My nieces and nephews in the UK call money in Pakistan “Monopoly money”, because to them it seems worthless. But to people here that is not so. I thought it would be a challenge raising significant donations from such a tiny place. My wife used a local religious meeting place to attract support and raised the equivalent of £5,000. My brothers in Tottenham donated £6,000 of their money. My sister-in-law raised £4,000 with a fundraising auction. The generosity of people all over the world was extraordinary.
Six of us, all men, set off for the northern regions. Advised by the government on what to take, we packed trucks with warm blankets, non-perishable food and kafns (wraps to cover dead bodies). Unfortunately in these situations people’s generosity is sometimes exploited, so we made a film of our work, showing how the donations were used.
We made five trips to three of the regions that suffered the gravest destruction. We went to Balakot first, then Muzzafarabad and Bagh. The roads were uneven before the quake and it was nearly impossible to clamber up them in our jeeps - we walked a lot. Survivors were panic-stricken on our first trip. Some had lost whole families. Most had lost their homes. Their forefathers had lived there, they had a place in the community, and they weren’t going to leave. Kafns were the most welcome handout. There were hundreds of bodies and nothing to cover them.
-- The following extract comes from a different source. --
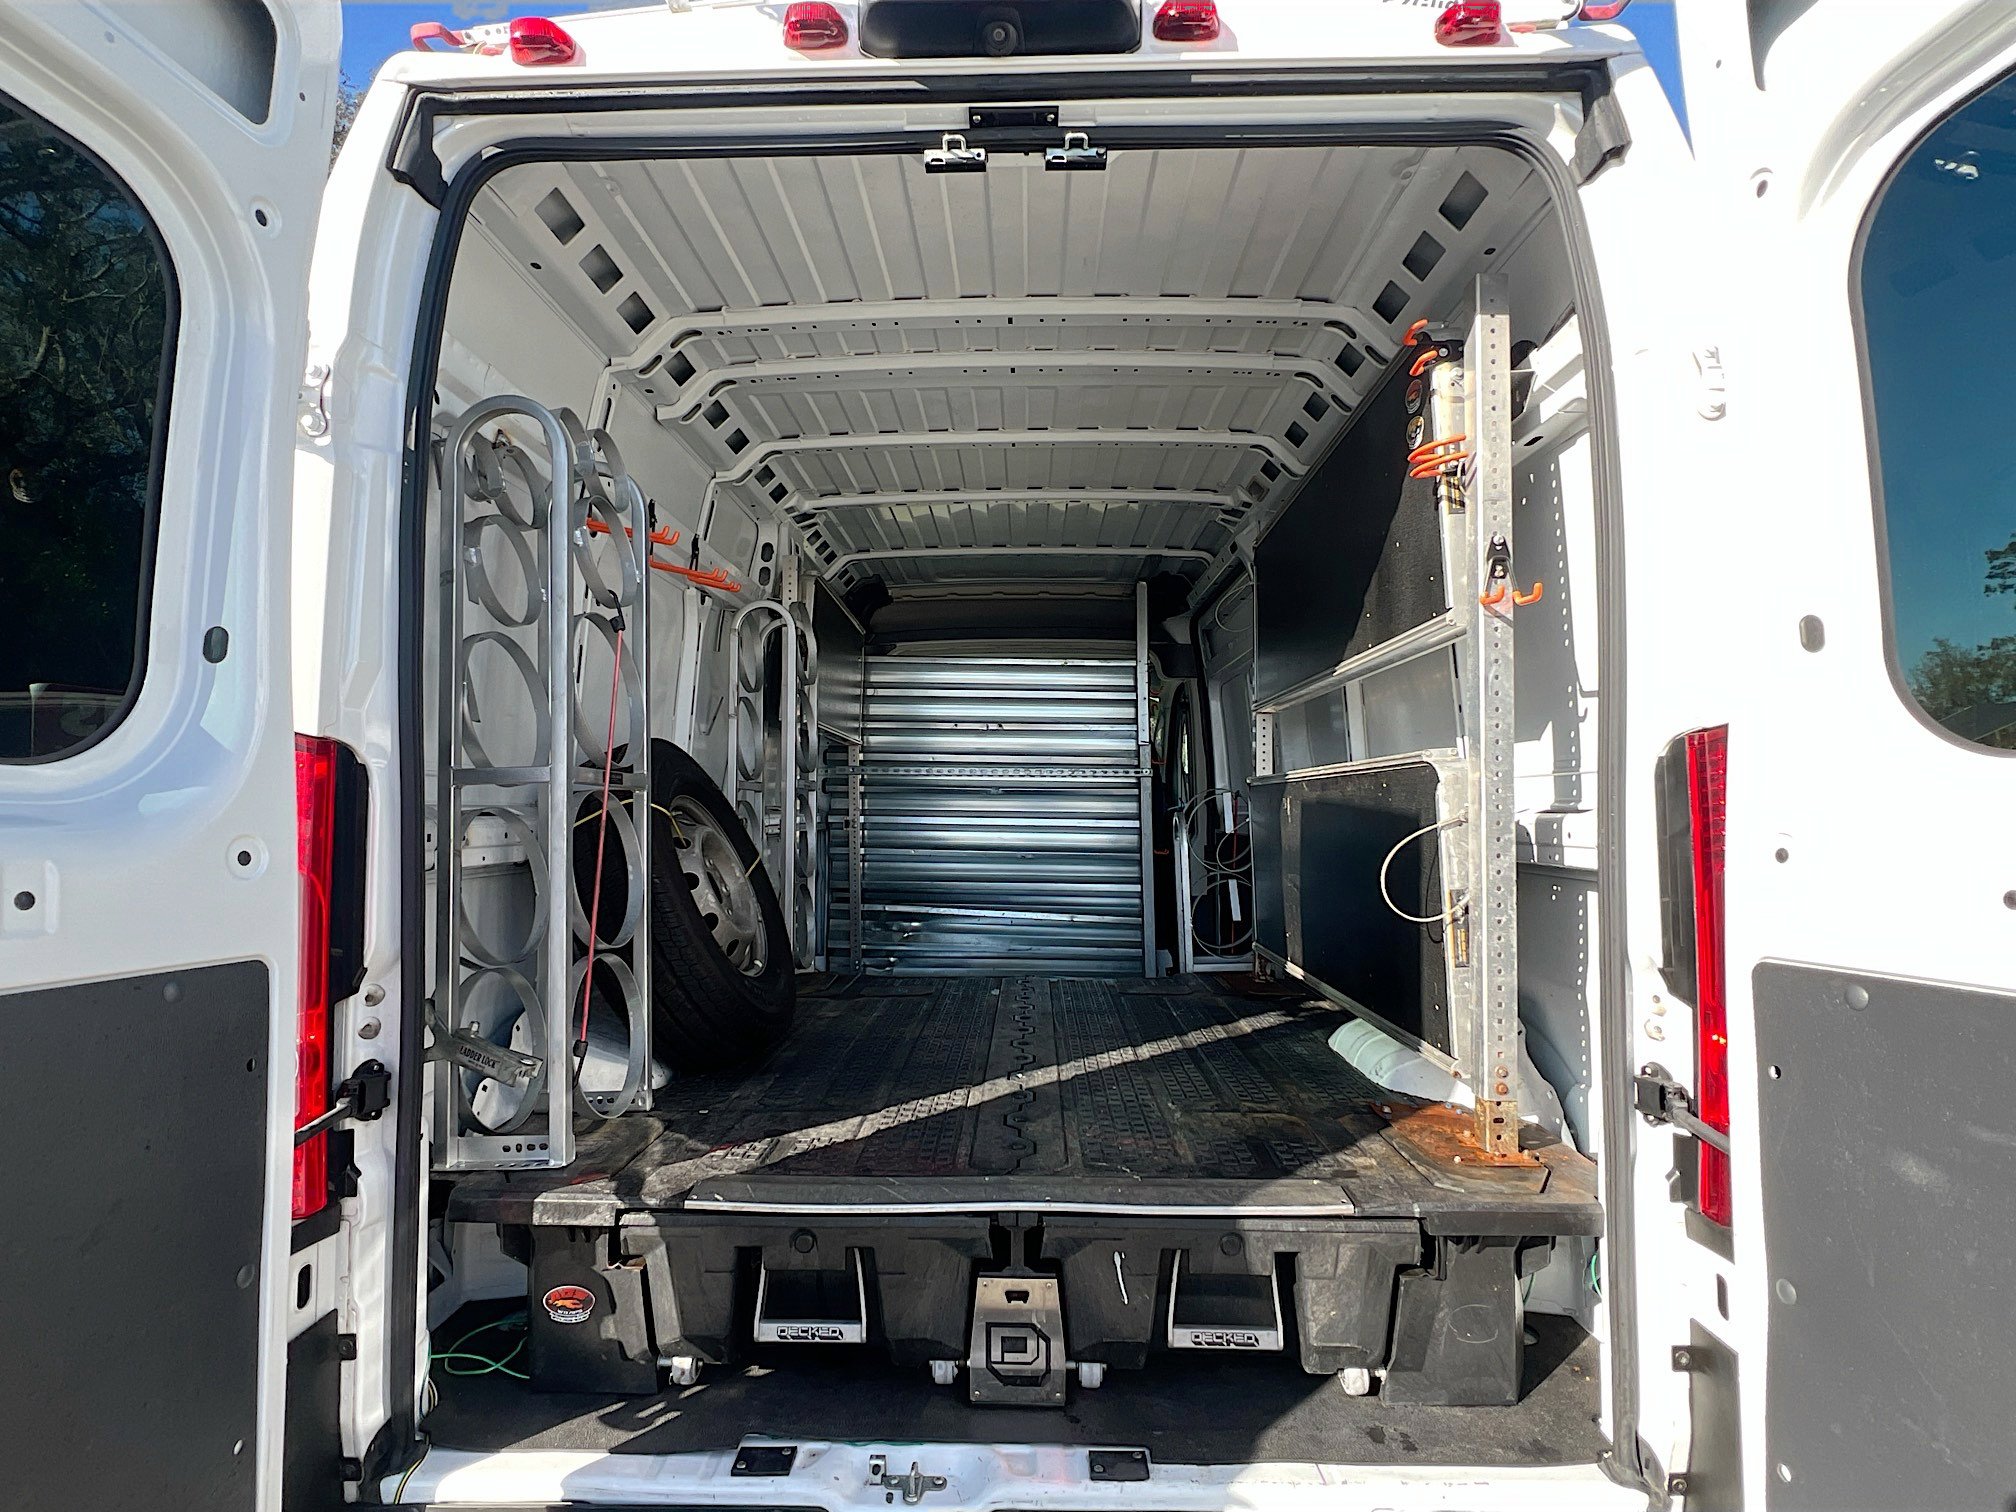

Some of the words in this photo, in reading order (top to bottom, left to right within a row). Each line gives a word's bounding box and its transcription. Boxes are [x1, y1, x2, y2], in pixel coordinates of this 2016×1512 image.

[460, 1046, 481, 1061] LADDER
[481, 1055, 496, 1069] LOCK
[777, 1326, 844, 1341] DECKED
[1190, 1331, 1260, 1348] DECKED
On our third trip, we took tents. One very elderly man came to me and dropped at my feet. Crying, he said: “I only have one daughter left and nothing over our heads.” That was the most touching moment for me. Elders should never bow at a younger person’s feet. It revealed their anguish.
A goat herder I met saw the quake tear apart the terrain. He said it was like a scene from a US movie. He saw cars turned upside down, the river disappear, the ground suddenly raised by a foot and a half. He lost his vision for around two hours - no one asked whether out of shock or medical reasons.
On our fourth trip we saw a body speeding down the river and ran to pull it out. It was a lady; she was gangrenous and the fish had devoured her face. All we could do was cover her and pray.
As Muslims we believe in Qayamat (Judgment Day). The Koran says when Qayamat is imminent, “The mountains shall be made to crumble with (an awful) crumbling, so that they shall be scattered dust.” I heard people saying: “We thought this day would never come,” as if they believed Qayamat to be around the corner. Nothing is ever seen as an unlucky natural disaster. It is hard to consider this as an intentional warning from God with all the thousands of children that it took, but we believe they will enter the heavens.
It took about six weeks for Pakistan to realise how extensive the devastation was. There are still aftershocks. For those like the woman we captured from the current, there must be thousands more corpses left to rot without dignity and thousands of families left without, well, anything."
Mohammed Riaz, 44, is a property developer. His family moved from Pakistan to England when he was 12 and he returned to Pakistan eight years ago. He lives in the Punjab with his wife Sirween and six children.